Voir Parsifal de Wagner projeté sur un écran géant, calfeutré dans son siège de cinéma, ce n’est pas la même chose que de le voir à l’opéra. Tous les effets semblent démultipliés! Les héros wagnériens paraissent plus grands que nature, dans leur beauté d’âme comme dans leurs failles. C’est carrément un autre spectacle, modelé selon le cadrage et le séquençage des images.

Samedi, le Metropolitan Opera de New York retransmettait en direct et en haute définition («Live HD») sa nouvelle production de Parsifal dans les salles de cinéma du monde entier – dont le Pathé au Flon, où nous étions. Depuis plusieurs années déjà, la maison d’opéra américaine propose cette formule. L’opéra testamentaire de Wagner s’y prête particulièrement bien. Avec son sujet gigantesque – la reconquête du Graal –, l’écriture très cinématographique de Wagner, ponctuée d’allers-retours dans le vécu psychique des personnages, on est plongé dans une fable au-delà des repères ordinaires.

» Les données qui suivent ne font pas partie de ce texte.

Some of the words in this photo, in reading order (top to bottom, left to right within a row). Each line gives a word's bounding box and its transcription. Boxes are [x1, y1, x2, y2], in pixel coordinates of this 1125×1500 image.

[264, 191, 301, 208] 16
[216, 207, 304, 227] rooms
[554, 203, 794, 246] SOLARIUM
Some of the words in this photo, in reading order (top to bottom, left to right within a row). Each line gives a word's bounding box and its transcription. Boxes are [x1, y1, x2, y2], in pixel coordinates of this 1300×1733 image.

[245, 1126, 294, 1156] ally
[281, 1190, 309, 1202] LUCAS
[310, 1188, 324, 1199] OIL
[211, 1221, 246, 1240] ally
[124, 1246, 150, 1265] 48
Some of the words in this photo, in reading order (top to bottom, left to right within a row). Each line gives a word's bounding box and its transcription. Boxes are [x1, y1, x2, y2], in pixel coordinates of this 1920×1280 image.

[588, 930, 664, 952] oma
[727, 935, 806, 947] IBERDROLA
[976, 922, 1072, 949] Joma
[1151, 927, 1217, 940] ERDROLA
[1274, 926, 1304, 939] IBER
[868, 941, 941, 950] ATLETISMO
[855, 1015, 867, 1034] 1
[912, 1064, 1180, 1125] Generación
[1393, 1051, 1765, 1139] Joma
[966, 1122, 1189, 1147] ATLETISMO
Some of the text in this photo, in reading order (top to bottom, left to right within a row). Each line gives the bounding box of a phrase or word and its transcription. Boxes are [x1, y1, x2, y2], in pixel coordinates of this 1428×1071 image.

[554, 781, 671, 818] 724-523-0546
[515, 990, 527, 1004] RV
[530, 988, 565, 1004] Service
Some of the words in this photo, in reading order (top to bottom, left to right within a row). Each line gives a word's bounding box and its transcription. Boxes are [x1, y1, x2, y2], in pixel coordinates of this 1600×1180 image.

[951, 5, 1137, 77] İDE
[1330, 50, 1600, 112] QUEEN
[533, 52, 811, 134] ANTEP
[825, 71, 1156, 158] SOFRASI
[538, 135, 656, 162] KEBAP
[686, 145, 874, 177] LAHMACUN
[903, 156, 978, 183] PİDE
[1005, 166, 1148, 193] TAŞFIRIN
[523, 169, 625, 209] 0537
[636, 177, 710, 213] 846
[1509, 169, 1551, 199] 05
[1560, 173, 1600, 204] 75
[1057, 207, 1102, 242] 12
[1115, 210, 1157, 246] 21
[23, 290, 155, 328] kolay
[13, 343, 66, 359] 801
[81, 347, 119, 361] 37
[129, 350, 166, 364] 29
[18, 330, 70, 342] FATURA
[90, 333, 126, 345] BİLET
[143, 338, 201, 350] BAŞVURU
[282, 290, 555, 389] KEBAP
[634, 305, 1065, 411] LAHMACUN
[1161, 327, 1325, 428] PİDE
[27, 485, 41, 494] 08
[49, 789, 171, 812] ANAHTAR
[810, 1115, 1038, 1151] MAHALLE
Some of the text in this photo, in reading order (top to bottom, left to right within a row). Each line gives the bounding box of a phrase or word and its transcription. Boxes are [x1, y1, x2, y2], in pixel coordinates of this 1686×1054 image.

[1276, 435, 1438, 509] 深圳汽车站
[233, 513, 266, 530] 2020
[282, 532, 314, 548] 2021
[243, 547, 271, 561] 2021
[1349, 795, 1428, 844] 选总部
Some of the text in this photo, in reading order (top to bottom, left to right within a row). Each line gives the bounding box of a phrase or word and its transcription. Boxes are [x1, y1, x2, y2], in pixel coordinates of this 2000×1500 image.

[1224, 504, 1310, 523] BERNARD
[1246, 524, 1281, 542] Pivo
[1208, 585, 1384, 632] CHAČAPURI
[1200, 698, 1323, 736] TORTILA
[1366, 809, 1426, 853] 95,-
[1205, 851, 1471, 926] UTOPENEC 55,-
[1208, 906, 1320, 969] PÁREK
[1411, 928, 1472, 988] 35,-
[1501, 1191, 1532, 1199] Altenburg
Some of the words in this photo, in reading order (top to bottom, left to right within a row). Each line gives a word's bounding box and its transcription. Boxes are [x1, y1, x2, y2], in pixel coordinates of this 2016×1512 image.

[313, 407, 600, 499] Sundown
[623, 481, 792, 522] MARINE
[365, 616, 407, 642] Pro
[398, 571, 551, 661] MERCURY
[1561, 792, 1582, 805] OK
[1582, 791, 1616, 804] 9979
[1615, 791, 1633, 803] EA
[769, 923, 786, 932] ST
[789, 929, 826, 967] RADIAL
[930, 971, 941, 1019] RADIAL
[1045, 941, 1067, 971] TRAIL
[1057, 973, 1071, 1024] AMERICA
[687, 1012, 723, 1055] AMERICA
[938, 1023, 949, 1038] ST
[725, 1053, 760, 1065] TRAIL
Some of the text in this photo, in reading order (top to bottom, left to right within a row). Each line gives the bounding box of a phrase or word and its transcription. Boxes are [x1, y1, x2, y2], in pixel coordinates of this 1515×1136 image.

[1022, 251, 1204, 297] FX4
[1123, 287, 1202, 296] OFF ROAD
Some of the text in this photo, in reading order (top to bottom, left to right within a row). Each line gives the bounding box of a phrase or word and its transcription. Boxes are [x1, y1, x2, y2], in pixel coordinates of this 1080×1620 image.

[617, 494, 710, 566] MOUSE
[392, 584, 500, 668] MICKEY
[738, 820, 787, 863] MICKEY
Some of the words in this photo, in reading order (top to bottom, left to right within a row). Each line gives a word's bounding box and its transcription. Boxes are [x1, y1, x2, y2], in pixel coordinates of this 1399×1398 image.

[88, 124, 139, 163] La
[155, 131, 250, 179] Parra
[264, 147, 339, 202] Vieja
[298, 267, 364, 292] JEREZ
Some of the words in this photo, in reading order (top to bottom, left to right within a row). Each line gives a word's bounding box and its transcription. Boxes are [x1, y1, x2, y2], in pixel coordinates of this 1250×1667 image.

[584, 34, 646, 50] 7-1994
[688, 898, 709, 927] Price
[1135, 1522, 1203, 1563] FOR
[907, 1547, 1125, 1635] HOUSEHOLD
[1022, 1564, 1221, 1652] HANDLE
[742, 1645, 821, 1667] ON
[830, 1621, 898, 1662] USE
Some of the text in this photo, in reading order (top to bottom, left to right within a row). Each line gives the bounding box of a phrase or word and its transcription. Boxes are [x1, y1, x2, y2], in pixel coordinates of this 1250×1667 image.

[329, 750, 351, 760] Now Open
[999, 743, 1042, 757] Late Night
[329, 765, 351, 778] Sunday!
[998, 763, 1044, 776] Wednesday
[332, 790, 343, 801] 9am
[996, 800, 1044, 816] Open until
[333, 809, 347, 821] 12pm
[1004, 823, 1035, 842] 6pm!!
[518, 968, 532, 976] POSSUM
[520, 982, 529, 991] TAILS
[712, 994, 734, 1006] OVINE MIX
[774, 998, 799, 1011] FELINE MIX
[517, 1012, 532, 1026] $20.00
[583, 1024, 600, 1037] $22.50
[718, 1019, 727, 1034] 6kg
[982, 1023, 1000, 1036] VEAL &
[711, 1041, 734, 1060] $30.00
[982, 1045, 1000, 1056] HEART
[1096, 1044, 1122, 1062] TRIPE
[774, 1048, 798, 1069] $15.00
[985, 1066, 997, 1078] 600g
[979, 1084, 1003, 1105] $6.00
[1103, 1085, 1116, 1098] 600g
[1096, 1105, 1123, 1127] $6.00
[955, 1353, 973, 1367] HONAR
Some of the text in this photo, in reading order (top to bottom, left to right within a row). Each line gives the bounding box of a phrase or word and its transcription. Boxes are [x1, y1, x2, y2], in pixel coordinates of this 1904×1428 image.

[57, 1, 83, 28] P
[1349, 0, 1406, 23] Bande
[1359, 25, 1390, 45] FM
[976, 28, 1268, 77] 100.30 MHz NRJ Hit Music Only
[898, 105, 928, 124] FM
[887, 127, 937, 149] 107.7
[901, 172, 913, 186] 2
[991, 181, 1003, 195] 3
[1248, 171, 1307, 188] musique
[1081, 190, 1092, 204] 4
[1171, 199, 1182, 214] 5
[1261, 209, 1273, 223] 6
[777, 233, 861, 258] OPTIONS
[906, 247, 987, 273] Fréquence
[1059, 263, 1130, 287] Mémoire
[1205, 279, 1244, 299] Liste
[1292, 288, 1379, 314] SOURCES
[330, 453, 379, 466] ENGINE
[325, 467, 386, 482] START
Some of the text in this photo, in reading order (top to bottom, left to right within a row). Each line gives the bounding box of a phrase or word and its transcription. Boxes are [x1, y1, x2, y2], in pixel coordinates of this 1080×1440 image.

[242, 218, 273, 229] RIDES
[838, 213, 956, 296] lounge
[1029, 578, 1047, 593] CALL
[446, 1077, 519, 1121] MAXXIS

La mise en scène du Canadien François Girard elle-même est très cinématographique. Les plans rapprochés sur les personnages, la beauté de certaines compositions rythment une action assez statique. Les expressions du visage prennent un relief saisissant. On y lit la complicité naissante entre Gurnemanz (René Pape) et Parsifal (Jonas Kaufmann), ou la souffrance du roi Amfortas, plaie béante… Fabuleuse incarnation de Peter Mattei, dont les gestes traduisent la souffrance presque au-delà des mots. Le sang, tour à tour plaie du Christ, mal-être spirituel, cycle menstruel, inonde la mise en scène entière. Le deuxième acte est le sommet de cette production, comme si l’on se retrouvait maintenant au creux de la plaie d’Amfortas, au fond de l’abîme, voire piégé dans une cavité vaginale.

Poignant, Jonas Kaufmann compose un Parsifal capable de la plus grande vulnérabilité (la manière dont il dit: «Je défaille») comme d’une puissance à vous clouer sur votre fauteuil. René Pape est un Gurnemanz toujours plus humain. Et la Kundry de Katarina Dalayman (malgré quelques stridences) séduit par un timbre onctueux. De temps à autre, la caméra cadre le chef Daniele Gatti, physique râblé. Lui aussi fait partie des héros à l’œuvre. Il adopte des tempi très lents, à la limite du soutenable par instants, mais superbement sentis.

La salle de cinéma devient cet antre à l’abri du monde dont on ne voudrait plus ressortir.